In a steep valley ran a river of flame beneath the weed-grown remnants of a city never named. In the river stood a statue of struggle. In the statue beat two unbleeding hearts. Unbleeding, but not unfeeling.

Callisto, Vengeance Immortal of Cirra, was one. Velasca, God of Chaos, was the other.

The land above the valley was never much traveled. Since the bridge above had been cut, not at all, in fact. So there was no one to notice as the riverbed ceased its flow, as the red rock dimmed to black, and under heavy spring rains, crumbled to rich soil. Under normal circumstances, this would have taken years, maybe decades. But very little about this valley was normal.
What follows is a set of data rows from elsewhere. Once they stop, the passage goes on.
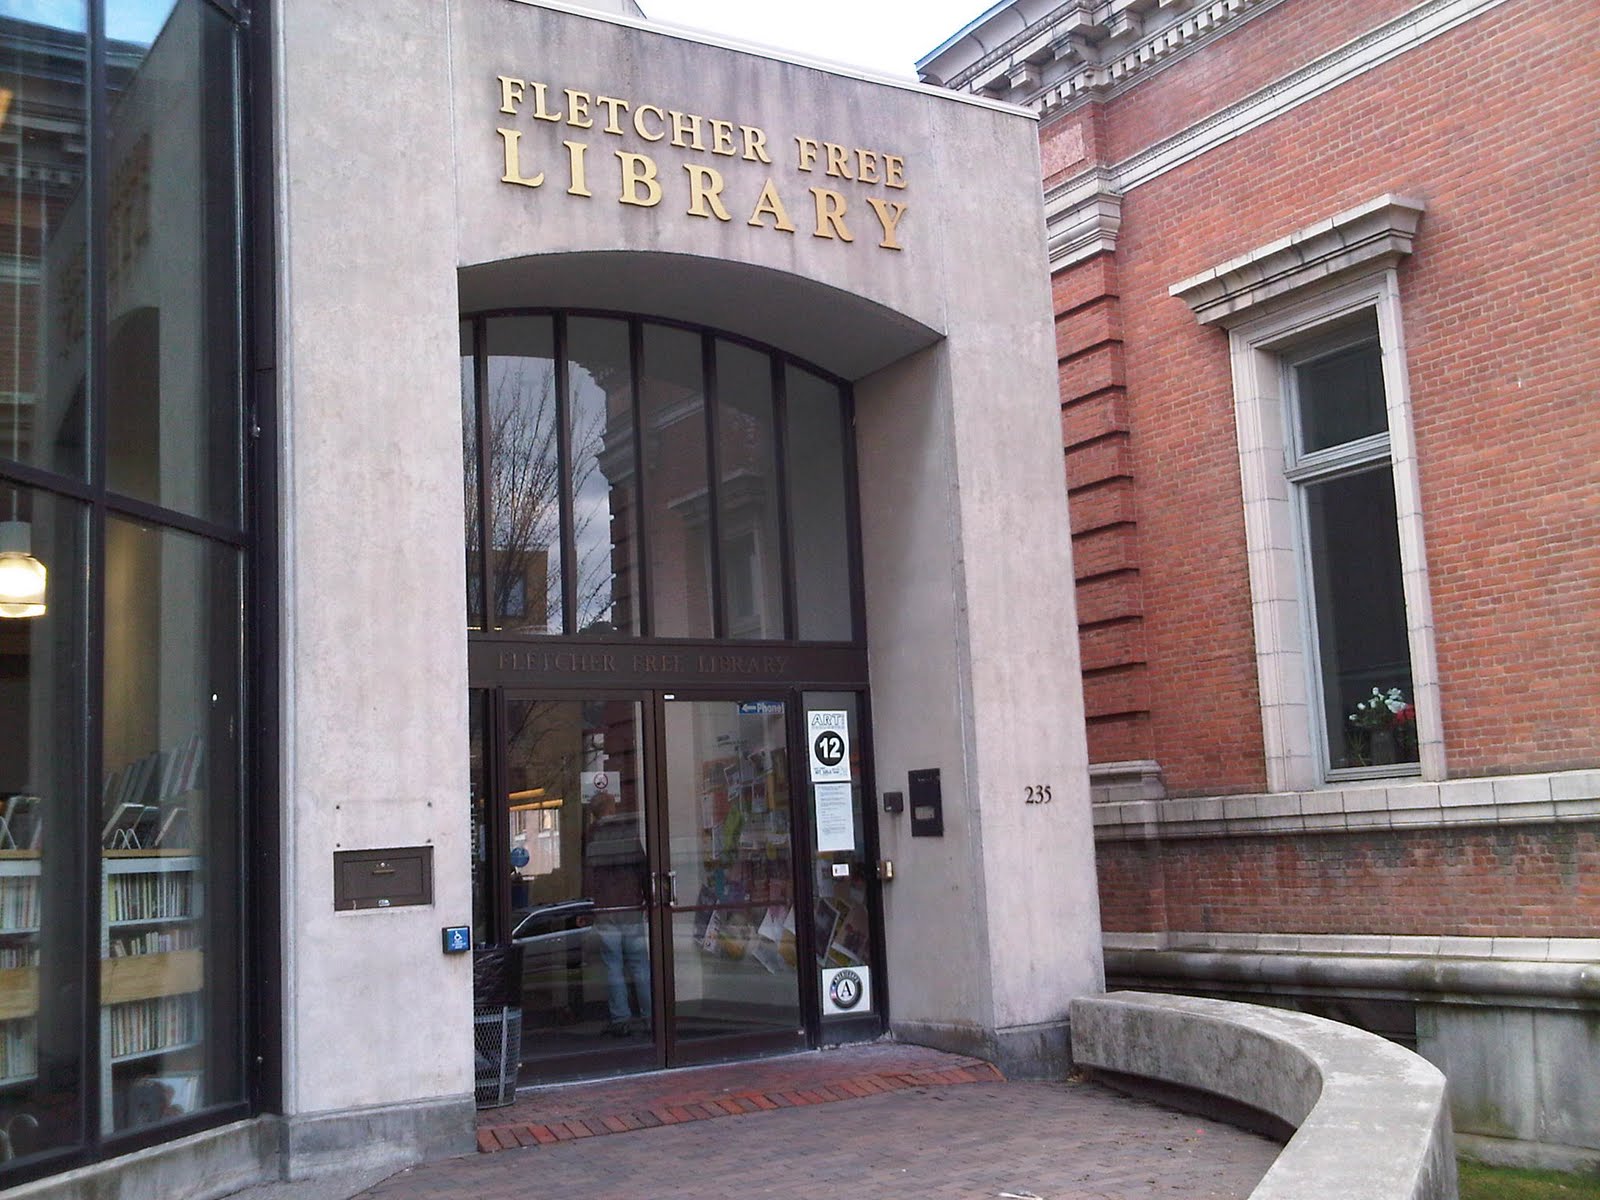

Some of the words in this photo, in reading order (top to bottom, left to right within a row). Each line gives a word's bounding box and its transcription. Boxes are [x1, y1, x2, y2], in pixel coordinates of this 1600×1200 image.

[497, 75, 772, 164] FLETCHER
[795, 135, 908, 190] FREE
[497, 127, 908, 250] LIBRARY
[499, 652, 616, 673] FLETCHER
[696, 655, 789, 674] LIBRARY
[757, 702, 783, 713] Phone
[811, 713, 842, 726] ART
[819, 736, 841, 759] 12
[1024, 785, 1052, 804] 235
[840, 980, 853, 998] A
How long did not matter to the bearers of the hearts, the figures poised in perfect balance. Or at least not to one. Chaos will wait. It is inevitable.

But vengeance is different. It requires a target, and this target was not immortal. Deep inside Callisto, that beating heart counted out the limited time she had. The ambrosia had shown her so many things inside herself that she’d had no time to explore before the betrayal, and this prison, poised in perfect balance with the raw unfocused rage of the God of Chaos. But Callisto had an advantage against that unfocused rage. She had discipline. Patience is a virtue.
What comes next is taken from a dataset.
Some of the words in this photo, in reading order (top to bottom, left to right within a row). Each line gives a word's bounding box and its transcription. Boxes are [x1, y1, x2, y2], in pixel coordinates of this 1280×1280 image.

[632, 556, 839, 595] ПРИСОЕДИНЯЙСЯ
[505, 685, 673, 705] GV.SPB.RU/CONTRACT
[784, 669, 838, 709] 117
With the rock and just a minimal use of power, she could keep the balance. And that left her mind free to explore.

Her mind had always been quick, even as a child in Cirra. It danced among the clouds, and the trees, and the sheep in the pasture, and the blades of grass beneath their hooves. She pestered her mother with questions, availed herself of her sister’s wisdom. When their responses were insufficient, she devised her own solutions, fanciful tales about why the sky turned red from blue, the fields green into gold. And when fire consumed her life, burned away all fanciful things, her mind, even clouded with madness, raced to find answers to questions little girls should never be asking.

Within her statue, Callisto’s mind raced still, so fast she wished to catch her breath had there been any. She could not calm her thoughts; they came in snatches of picture and fragments of sound. After a while she could focus them a little, force them into sequence.
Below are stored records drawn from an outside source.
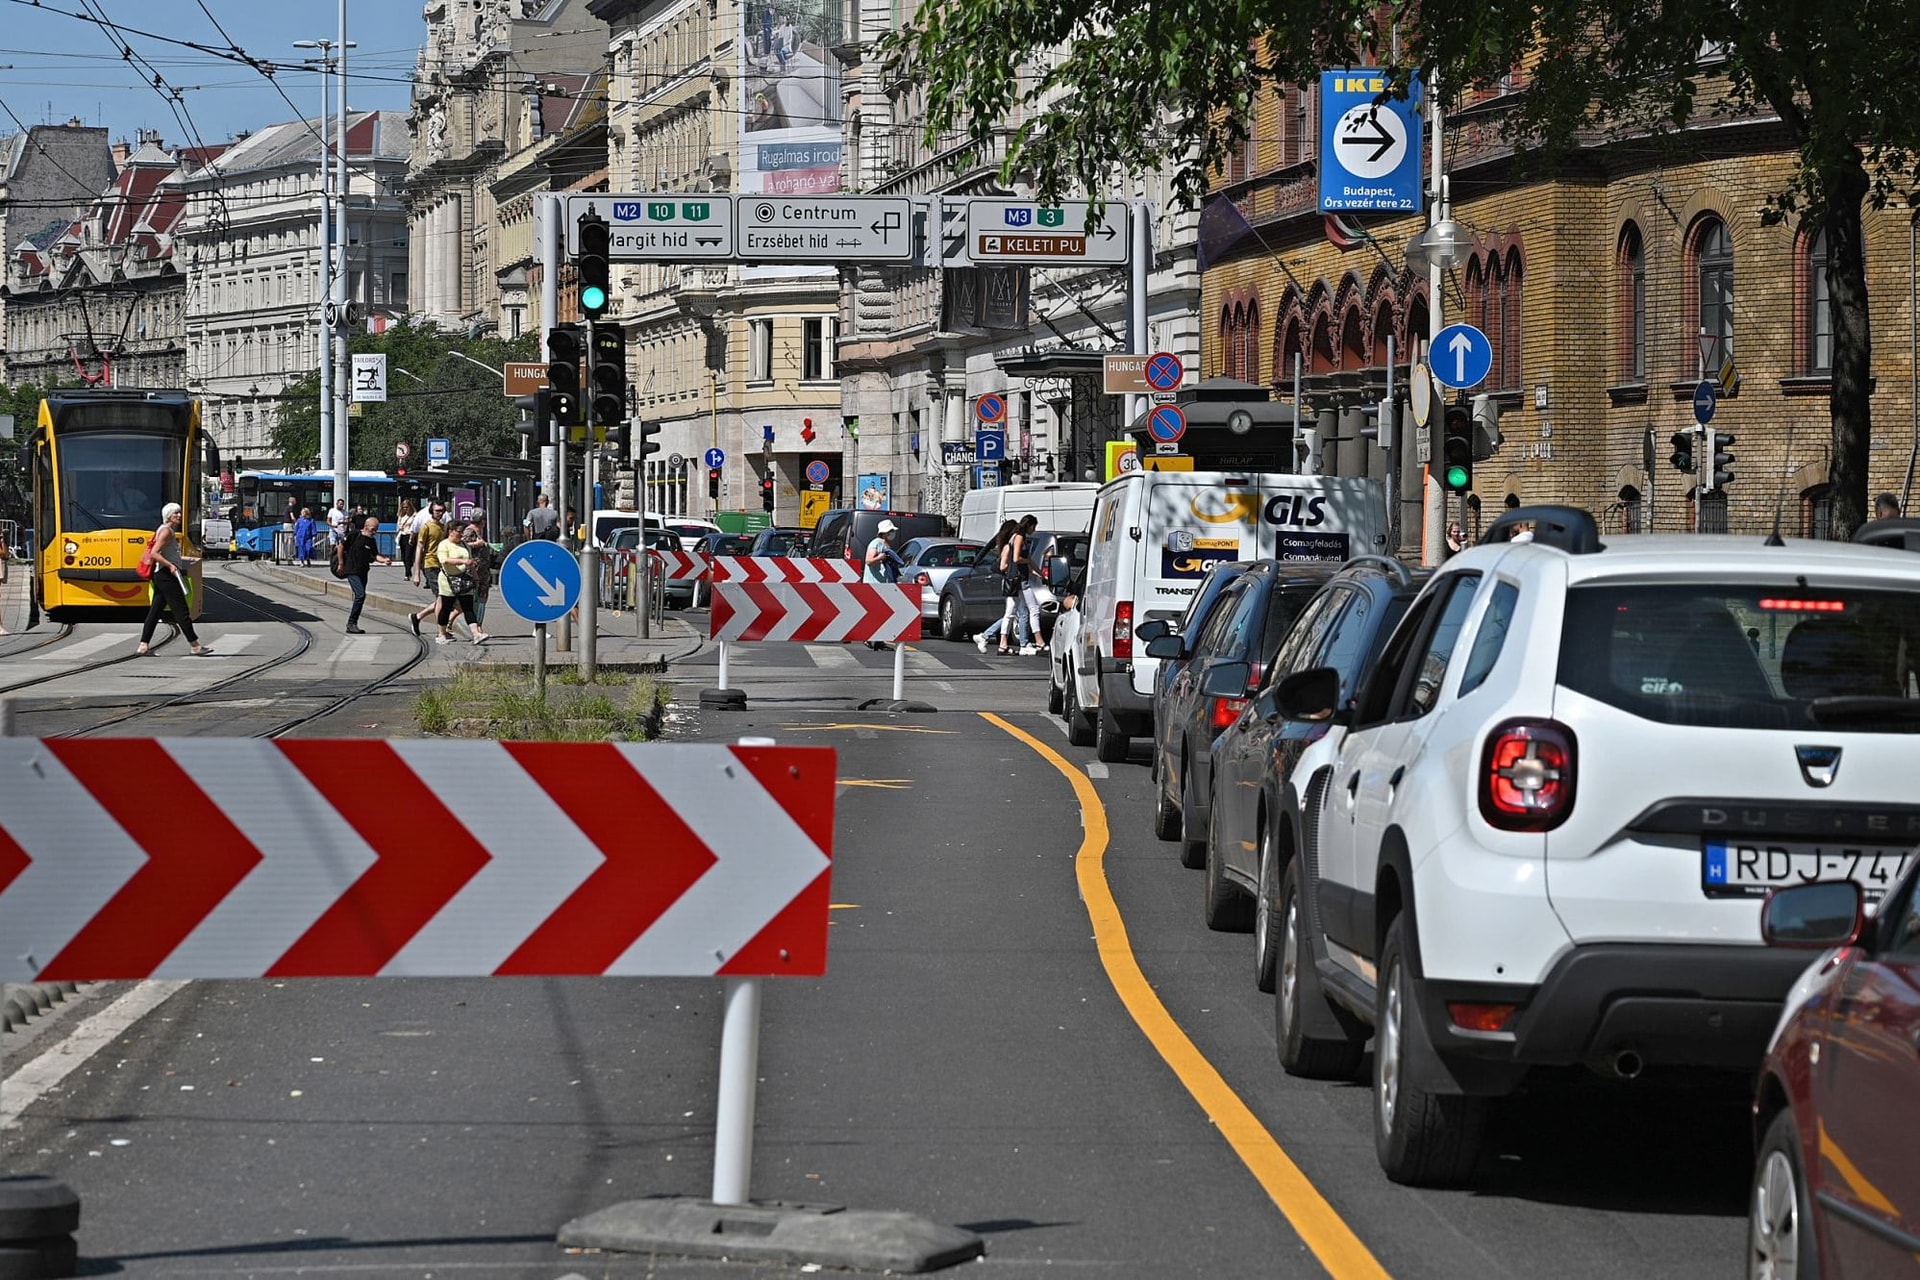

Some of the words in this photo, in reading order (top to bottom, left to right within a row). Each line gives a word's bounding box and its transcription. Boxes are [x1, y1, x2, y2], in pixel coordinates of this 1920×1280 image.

[762, 148, 810, 168] Rugalmas
[813, 147, 840, 163] irod
[775, 173, 816, 191] rohanó
[1343, 186, 1396, 198] Budapest,
[1324, 197, 1343, 208] Őrs
[1345, 198, 1374, 208] vezér
[1376, 199, 1398, 208] tere
[1400, 199, 1414, 208] 22.
[616, 204, 637, 218] M2
[655, 204, 668, 218] 10
[690, 204, 701, 218] 11
[782, 205, 857, 220] Centrum
[1008, 210, 1028, 223] M3
[1045, 211, 1055, 223] 3
[748, 233, 804, 248] Erzsébet
[1007, 239, 1054, 251] KELETI
[1060, 240, 1082, 252] PU.
[983, 440, 997, 457] P
[1264, 495, 1327, 527] GLS
[1282, 538, 1342, 550] Csomagfeladás
[84, 556, 112, 566] 2009
[1709, 864, 1722, 877] H
The tall grass behind her home, green all around her, soft beneath her, the vast azure sky overhead paling to white about the warm sun.  The fragrance of the earth. And if she cleared her head of all thoughts, the whisper, like soft voices, as the grass bent beneath a breeze.

The dusty, uneven road stretching before and behind as she skipped alongside the cart, heading to market. The lilting laugh of her sister, flirting with the drover. Her mother’s voice calling her to catch up as she hopped on one foot, removing a pebble from her sandal and rubbing the sore spot on her sole.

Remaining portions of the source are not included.